▶ _EXERCISE_:
Keeping each line intact, print the whole listing.

▶ _INFORMATION_:
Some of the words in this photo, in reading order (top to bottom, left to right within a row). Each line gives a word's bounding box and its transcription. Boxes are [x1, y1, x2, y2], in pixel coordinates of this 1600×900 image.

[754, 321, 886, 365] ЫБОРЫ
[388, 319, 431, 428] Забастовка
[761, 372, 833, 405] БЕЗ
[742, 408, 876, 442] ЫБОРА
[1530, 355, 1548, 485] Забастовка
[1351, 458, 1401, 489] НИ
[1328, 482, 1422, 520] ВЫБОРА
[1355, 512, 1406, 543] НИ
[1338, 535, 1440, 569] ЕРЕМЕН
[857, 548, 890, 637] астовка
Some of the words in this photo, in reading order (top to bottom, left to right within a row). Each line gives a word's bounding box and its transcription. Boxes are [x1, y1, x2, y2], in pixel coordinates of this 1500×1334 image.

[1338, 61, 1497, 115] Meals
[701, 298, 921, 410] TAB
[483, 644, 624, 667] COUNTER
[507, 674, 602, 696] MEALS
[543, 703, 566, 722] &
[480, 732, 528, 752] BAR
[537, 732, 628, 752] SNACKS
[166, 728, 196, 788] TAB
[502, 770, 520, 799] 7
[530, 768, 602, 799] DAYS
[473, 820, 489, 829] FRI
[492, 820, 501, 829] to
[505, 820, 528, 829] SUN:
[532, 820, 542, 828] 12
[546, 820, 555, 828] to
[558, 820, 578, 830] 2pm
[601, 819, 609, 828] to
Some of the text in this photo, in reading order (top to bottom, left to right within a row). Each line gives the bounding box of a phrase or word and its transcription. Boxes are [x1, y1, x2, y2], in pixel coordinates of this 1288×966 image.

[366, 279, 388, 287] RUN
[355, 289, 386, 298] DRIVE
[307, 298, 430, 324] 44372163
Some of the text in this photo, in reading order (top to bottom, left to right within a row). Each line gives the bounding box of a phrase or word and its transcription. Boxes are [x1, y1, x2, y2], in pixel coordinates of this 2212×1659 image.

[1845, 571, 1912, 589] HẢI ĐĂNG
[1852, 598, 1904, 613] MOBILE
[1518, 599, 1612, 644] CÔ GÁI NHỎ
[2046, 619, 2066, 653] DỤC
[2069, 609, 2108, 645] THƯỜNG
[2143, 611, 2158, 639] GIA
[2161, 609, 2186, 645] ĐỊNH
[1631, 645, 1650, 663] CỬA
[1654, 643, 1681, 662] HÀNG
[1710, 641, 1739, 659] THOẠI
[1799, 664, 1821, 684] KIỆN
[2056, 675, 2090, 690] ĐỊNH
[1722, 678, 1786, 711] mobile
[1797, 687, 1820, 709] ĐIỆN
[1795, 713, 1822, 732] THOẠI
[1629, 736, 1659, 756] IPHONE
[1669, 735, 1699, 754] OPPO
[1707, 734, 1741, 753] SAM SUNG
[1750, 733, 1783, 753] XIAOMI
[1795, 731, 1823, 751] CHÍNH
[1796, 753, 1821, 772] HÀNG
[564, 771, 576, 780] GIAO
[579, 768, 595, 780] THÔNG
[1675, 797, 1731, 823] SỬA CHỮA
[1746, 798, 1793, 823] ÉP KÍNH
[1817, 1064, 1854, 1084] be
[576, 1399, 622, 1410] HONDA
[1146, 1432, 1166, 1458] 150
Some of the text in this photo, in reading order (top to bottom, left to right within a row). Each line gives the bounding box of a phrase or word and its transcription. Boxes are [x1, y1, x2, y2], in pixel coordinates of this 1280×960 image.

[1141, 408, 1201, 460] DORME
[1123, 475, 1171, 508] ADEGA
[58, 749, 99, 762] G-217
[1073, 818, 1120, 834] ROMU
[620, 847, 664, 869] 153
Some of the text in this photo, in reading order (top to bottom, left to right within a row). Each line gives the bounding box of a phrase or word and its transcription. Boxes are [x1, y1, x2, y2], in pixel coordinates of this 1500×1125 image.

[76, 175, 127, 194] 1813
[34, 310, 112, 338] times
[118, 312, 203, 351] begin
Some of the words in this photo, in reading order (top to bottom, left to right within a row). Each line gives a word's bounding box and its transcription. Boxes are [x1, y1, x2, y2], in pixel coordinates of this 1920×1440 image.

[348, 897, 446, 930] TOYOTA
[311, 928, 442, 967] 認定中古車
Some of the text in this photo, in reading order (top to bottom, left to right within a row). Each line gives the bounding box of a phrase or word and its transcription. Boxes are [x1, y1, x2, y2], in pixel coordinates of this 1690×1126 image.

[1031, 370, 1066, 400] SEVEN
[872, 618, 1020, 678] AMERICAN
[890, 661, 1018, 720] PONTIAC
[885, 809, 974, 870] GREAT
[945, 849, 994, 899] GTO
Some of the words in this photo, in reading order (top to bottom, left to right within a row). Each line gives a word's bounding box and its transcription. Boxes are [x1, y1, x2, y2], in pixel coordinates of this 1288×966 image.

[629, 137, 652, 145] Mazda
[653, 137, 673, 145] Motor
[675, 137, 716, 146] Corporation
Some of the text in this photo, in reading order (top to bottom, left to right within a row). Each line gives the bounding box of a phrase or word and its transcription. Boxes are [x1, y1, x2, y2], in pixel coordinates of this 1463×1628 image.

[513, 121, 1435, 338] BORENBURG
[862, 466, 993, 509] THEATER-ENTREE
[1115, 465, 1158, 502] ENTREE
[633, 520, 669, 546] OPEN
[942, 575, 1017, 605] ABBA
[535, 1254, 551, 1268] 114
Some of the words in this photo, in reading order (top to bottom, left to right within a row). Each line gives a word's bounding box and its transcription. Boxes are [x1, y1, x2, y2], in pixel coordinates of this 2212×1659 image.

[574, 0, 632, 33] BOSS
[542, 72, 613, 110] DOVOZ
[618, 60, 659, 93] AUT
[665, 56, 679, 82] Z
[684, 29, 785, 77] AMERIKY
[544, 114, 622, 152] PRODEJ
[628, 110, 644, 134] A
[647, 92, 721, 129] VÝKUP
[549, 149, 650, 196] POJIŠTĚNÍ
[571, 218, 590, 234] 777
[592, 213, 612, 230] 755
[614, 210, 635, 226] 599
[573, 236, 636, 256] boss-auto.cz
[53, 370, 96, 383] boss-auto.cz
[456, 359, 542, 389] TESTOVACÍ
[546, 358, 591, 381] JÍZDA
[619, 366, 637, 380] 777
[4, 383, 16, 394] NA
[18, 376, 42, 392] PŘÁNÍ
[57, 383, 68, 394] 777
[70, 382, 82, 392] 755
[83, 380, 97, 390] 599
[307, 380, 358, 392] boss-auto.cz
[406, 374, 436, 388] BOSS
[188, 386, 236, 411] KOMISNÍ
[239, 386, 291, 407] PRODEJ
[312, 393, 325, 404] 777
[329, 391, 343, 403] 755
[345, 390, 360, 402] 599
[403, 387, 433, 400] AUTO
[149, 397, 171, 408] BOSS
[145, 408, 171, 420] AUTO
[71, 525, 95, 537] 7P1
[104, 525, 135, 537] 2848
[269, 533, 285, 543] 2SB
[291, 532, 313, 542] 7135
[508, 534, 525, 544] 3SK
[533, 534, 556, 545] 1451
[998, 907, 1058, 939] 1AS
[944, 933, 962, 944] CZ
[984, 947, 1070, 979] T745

▶ _ANSWER SECTION_:
Some of the words in this photo, in reading order (top to bottom, left to right within a row). Each line gives a word's bounding box and its transcription. Boxes are [x1, y1, x2, y2], in pixel coordinates of this 1600×900 image.

[754, 321, 886, 365] ЫБОРЫ
[388, 319, 431, 428] Забастовка
[761, 372, 833, 405] БЕЗ
[742, 408, 876, 442] ЫБОРА
[1530, 355, 1548, 485] Забастовка
[1351, 458, 1401, 489] НИ
[1328, 482, 1422, 520] ВЫБОРА
[1355, 512, 1406, 543] НИ
[1338, 535, 1440, 569] ЕРЕМЕН
[857, 548, 890, 637] астовка
Some of the words in this photo, in reading order (top to bottom, left to right within a row). Each line gives a word's bounding box and its transcription. Boxes are [x1, y1, x2, y2], in pixel coordinates of this 1500×1334 image.

[1338, 61, 1497, 115] Meals
[701, 298, 921, 410] TAB
[483, 644, 624, 667] COUNTER
[507, 674, 602, 696] MEALS
[543, 703, 566, 722] &
[480, 732, 528, 752] BAR
[537, 732, 628, 752] SNACKS
[166, 728, 196, 788] TAB
[502, 770, 520, 799] 7
[530, 768, 602, 799] DAYS
[473, 820, 489, 829] FRI
[492, 820, 501, 829] to
[505, 820, 528, 829] SUN:
[532, 820, 542, 828] 12
[546, 820, 555, 828] to
[558, 820, 578, 830] 2pm
[601, 819, 609, 828] to
Some of the text in this photo, in reading order (top to bottom, left to right within a row). Each line gives the bounding box of a phrase or word and its transcription. Boxes are [x1, y1, x2, y2], in pixel coordinates of this 1288×966 image.

[366, 279, 388, 287] RUN
[355, 289, 386, 298] DRIVE
[307, 298, 430, 324] 44372163
Some of the text in this photo, in reading order (top to bottom, left to right within a row). Each line gives the bounding box of a phrase or word and its transcription. Boxes are [x1, y1, x2, y2], in pixel coordinates of this 2212×1659 image.

[1845, 571, 1912, 589] HẢI ĐĂNG
[1852, 598, 1904, 613] MOBILE
[1518, 599, 1612, 644] CÔ GÁI NHỎ
[2046, 619, 2066, 653] DỤC
[2069, 609, 2108, 645] THƯỜNG
[2143, 611, 2158, 639] GIA
[2161, 609, 2186, 645] ĐỊNH
[1631, 645, 1650, 663] CỬA
[1654, 643, 1681, 662] HÀNG
[1710, 641, 1739, 659] THOẠI
[1799, 664, 1821, 684] KIỆN
[2056, 675, 2090, 690] ĐỊNH
[1722, 678, 1786, 711] mobile
[1797, 687, 1820, 709] ĐIỆN
[1795, 713, 1822, 732] THOẠI
[1629, 736, 1659, 756] IPHONE
[1669, 735, 1699, 754] OPPO
[1707, 734, 1741, 753] SAM SUNG
[1750, 733, 1783, 753] XIAOMI
[1795, 731, 1823, 751] CHÍNH
[1796, 753, 1821, 772] HÀNG
[564, 771, 576, 780] GIAO
[579, 768, 595, 780] THÔNG
[1675, 797, 1731, 823] SỬA CHỮA
[1746, 798, 1793, 823] ÉP KÍNH
[1817, 1064, 1854, 1084] be
[576, 1399, 622, 1410] HONDA
[1146, 1432, 1166, 1458] 150
Some of the text in this photo, in reading order (top to bottom, left to right within a row). Each line gives the bounding box of a phrase or word and its transcription. Boxes are [x1, y1, x2, y2], in pixel coordinates of this 1280×960 image.

[1141, 408, 1201, 460] DORME
[1123, 475, 1171, 508] ADEGA
[58, 749, 99, 762] G-217
[1073, 818, 1120, 834] ROMU
[620, 847, 664, 869] 153
Some of the text in this photo, in reading order (top to bottom, left to right within a row). Each line gives the bounding box of a phrase or word and its transcription. Boxes are [x1, y1, x2, y2], in pixel coordinates of this 1500×1125 image.

[76, 175, 127, 194] 1813
[34, 310, 112, 338] times
[118, 312, 203, 351] begin
Some of the words in this photo, in reading order (top to bottom, left to right within a row). Each line gives a word's bounding box and its transcription. Boxes are [x1, y1, x2, y2], in pixel coordinates of this 1920×1440 image.

[348, 897, 446, 930] TOYOTA
[311, 928, 442, 967] 認定中古車
Some of the text in this photo, in reading order (top to bottom, left to right within a row). Each line gives the bounding box of a phrase or word and its transcription. Boxes are [x1, y1, x2, y2], in pixel coordinates of this 1690×1126 image.

[1031, 370, 1066, 400] SEVEN
[872, 618, 1020, 678] AMERICAN
[890, 661, 1018, 720] PONTIAC
[885, 809, 974, 870] GREAT
[945, 849, 994, 899] GTO
Some of the words in this photo, in reading order (top to bottom, left to right within a row). Each line gives a word's bounding box and its transcription. Boxes are [x1, y1, x2, y2], in pixel coordinates of this 1288×966 image.

[629, 137, 652, 145] Mazda
[653, 137, 673, 145] Motor
[675, 137, 716, 146] Corporation
Some of the text in this photo, in reading order (top to bottom, left to right within a row). Each line gives the bounding box of a phrase or word and its transcription. Boxes are [x1, y1, x2, y2], in pixel coordinates of this 1463×1628 image.

[513, 121, 1435, 338] BORENBURG
[862, 466, 993, 509] THEATER-ENTREE
[1115, 465, 1158, 502] ENTREE
[633, 520, 669, 546] OPEN
[942, 575, 1017, 605] ABBA
[535, 1254, 551, 1268] 114
Some of the words in this photo, in reading order (top to bottom, left to right within a row). Each line gives a word's bounding box and its transcription. Boxes are [x1, y1, x2, y2], in pixel coordinates of this 2212×1659 image.

[574, 0, 632, 33] BOSS
[542, 72, 613, 110] DOVOZ
[618, 60, 659, 93] AUT
[665, 56, 679, 82] Z
[684, 29, 785, 77] AMERIKY
[544, 114, 622, 152] PRODEJ
[628, 110, 644, 134] A
[647, 92, 721, 129] VÝKUP
[549, 149, 650, 196] POJIŠTĚNÍ
[571, 218, 590, 234] 777
[592, 213, 612, 230] 755
[614, 210, 635, 226] 599
[573, 236, 636, 256] boss-auto.cz
[53, 370, 96, 383] boss-auto.cz
[456, 359, 542, 389] TESTOVACÍ
[546, 358, 591, 381] JÍZDA
[619, 366, 637, 380] 777
[4, 383, 16, 394] NA
[18, 376, 42, 392] PŘÁNÍ
[57, 383, 68, 394] 777
[70, 382, 82, 392] 755
[83, 380, 97, 390] 599
[307, 380, 358, 392] boss-auto.cz
[406, 374, 436, 388] BOSS
[188, 386, 236, 411] KOMISNÍ
[239, 386, 291, 407] PRODEJ
[312, 393, 325, 404] 777
[329, 391, 343, 403] 755
[345, 390, 360, 402] 599
[403, 387, 433, 400] AUTO
[149, 397, 171, 408] BOSS
[145, 408, 171, 420] AUTO
[71, 525, 95, 537] 7P1
[104, 525, 135, 537] 2848
[269, 533, 285, 543] 2SB
[291, 532, 313, 542] 7135
[508, 534, 525, 544] 3SK
[533, 534, 556, 545] 1451
[998, 907, 1058, 939] 1AS
[944, 933, 962, 944] CZ
[984, 947, 1070, 979] T745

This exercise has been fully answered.